Everything in the data except the pictures belongs in your answer, copied exactly.

━━ Material supplied ━━

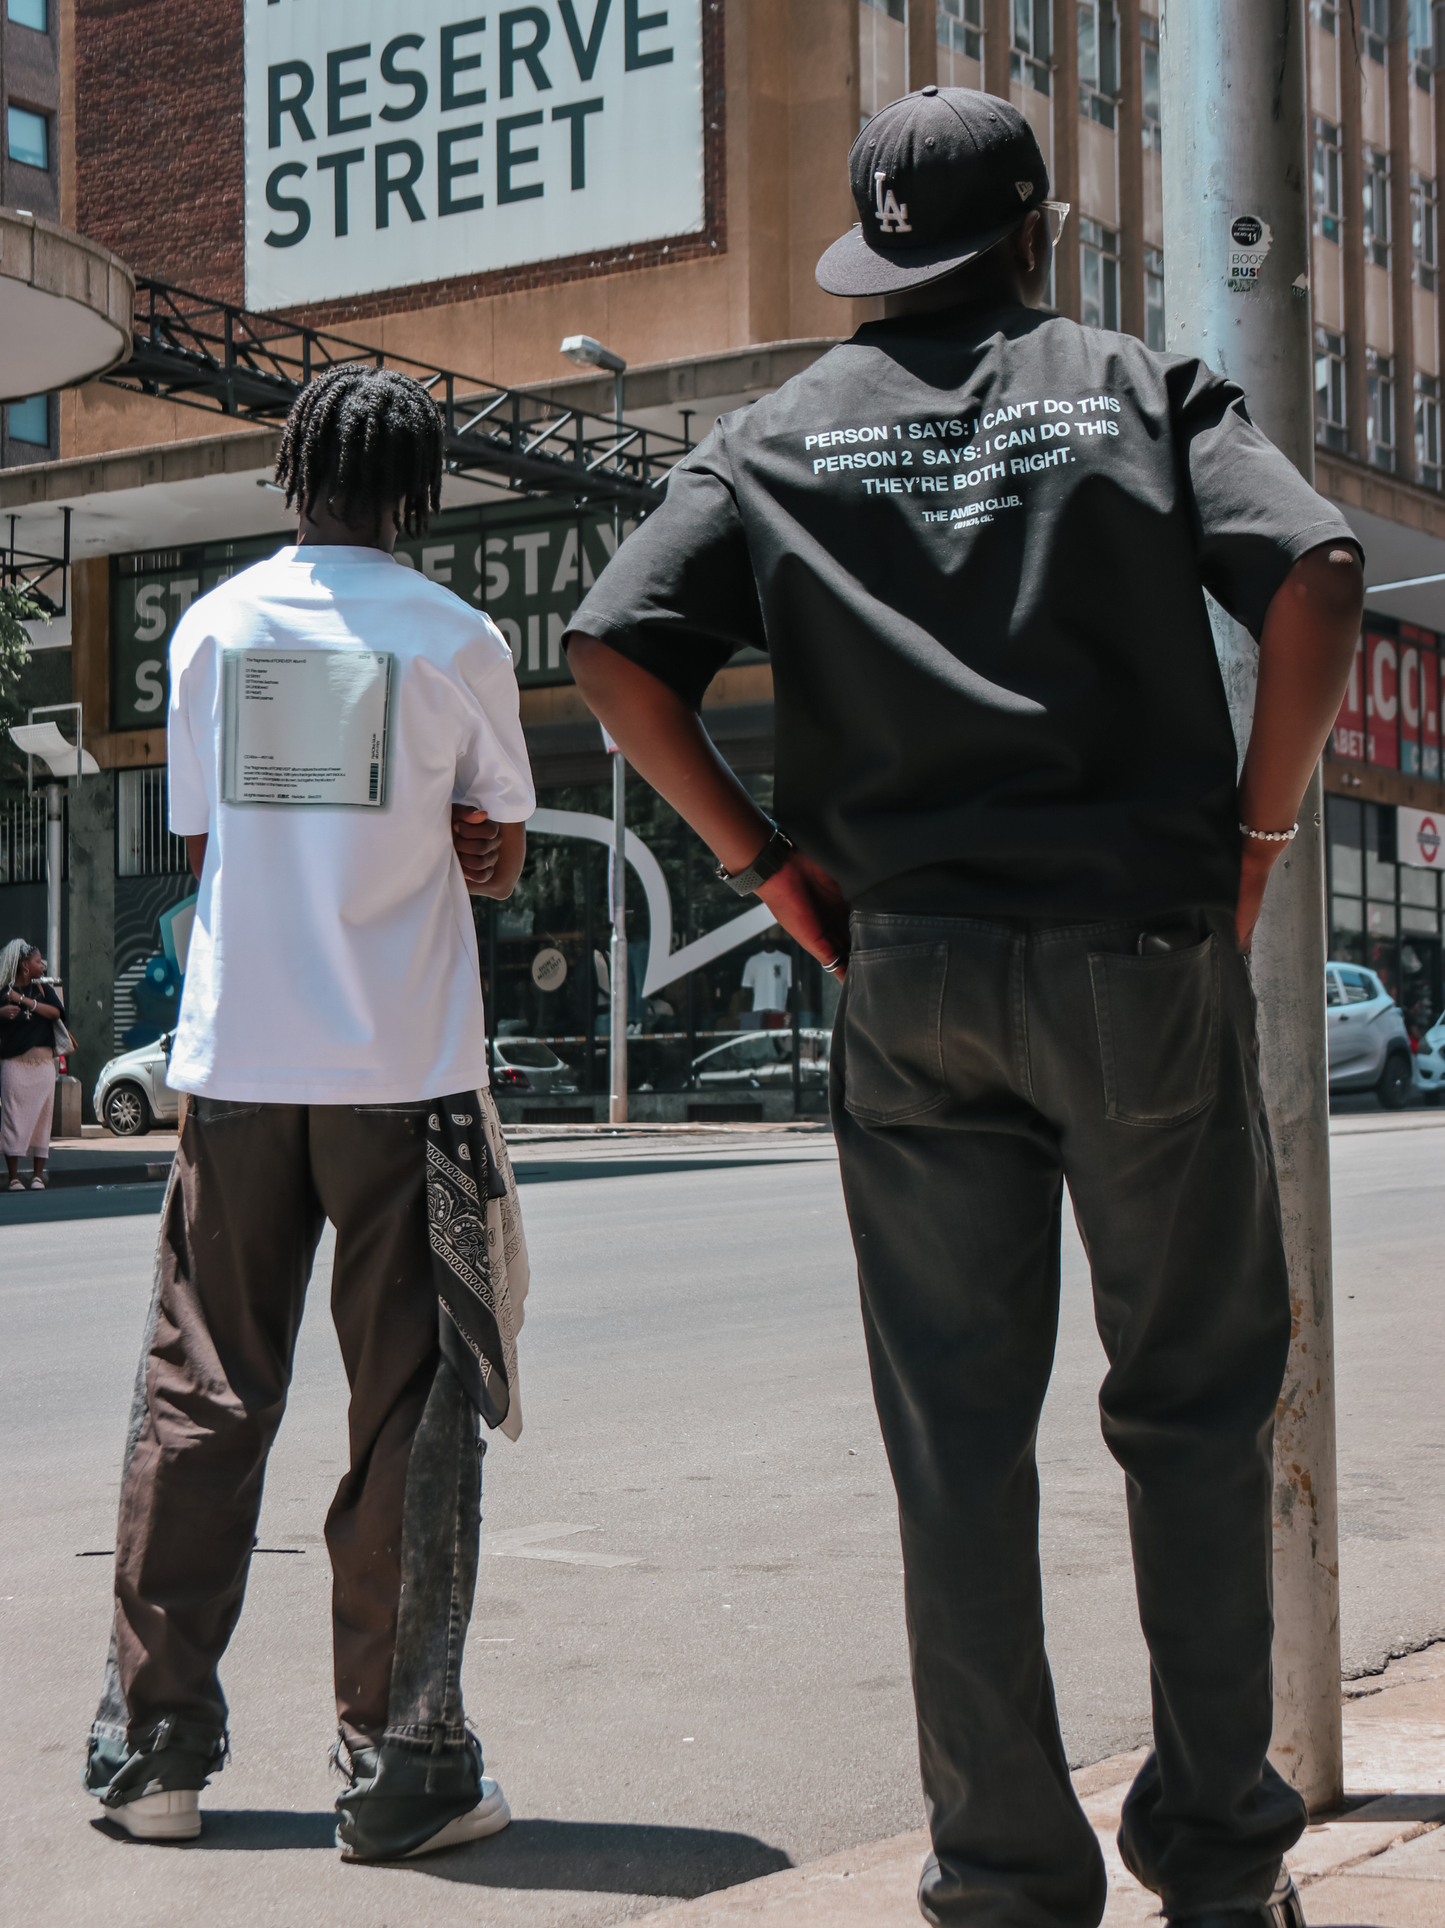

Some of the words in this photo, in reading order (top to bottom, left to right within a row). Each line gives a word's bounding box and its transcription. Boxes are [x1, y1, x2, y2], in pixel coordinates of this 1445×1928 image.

[267, 0, 675, 149] RESERVE
[263, 97, 605, 248] STREET
[874, 171, 913, 233] LA
[805, 425, 888, 451] PERSON
[894, 425, 902, 440] 1
[908, 419, 969, 440] SAYS:
[974, 418, 980, 434] I
[982, 400, 1039, 430] CAN'T
[1043, 399, 1074, 414] DO
[1077, 396, 1121, 415] THIS
[813, 450, 897, 475] PERSON
[901, 450, 914, 466] 2
[922, 445, 981, 466] SAYS:
[985, 439, 992, 456] I
[993, 426, 1036, 452] CAN
[1040, 421, 1072, 440] DO
[1074, 420, 1120, 437] THIS
[861, 475, 949, 495] THEY'RE
[952, 463, 1005, 490] BOTH
[1010, 446, 1076, 475] RIGHT.
[922, 510, 949, 522] THE
[950, 500, 985, 520] AMEN
[985, 495, 1023, 511] CLUB.

━━━

*Output of the exercise*:
Some of the words in this photo, in reading order (top to bottom, left to right within a row). Each line gives a word's bounding box and its transcription. Boxes are [x1, y1, x2, y2], in pixel coordinates of this 1445×1928 image.

[267, 0, 675, 149] RESERVE
[263, 97, 605, 248] STREET
[874, 171, 913, 233] LA
[805, 425, 888, 451] PERSON
[894, 425, 902, 440] 1
[908, 419, 969, 440] SAYS:
[974, 418, 980, 434] I
[982, 400, 1039, 430] CAN'T
[1043, 399, 1074, 414] DO
[1077, 396, 1121, 415] THIS
[813, 450, 897, 475] PERSON
[901, 450, 914, 466] 2
[922, 445, 981, 466] SAYS:
[985, 439, 992, 456] I
[993, 426, 1036, 452] CAN
[1040, 421, 1072, 440] DO
[1074, 420, 1120, 437] THIS
[861, 475, 949, 495] THEY'RE
[952, 463, 1005, 490] BOTH
[1010, 446, 1076, 475] RIGHT.
[922, 510, 949, 522] THE
[950, 500, 985, 520] AMEN
[985, 495, 1023, 511] CLUB.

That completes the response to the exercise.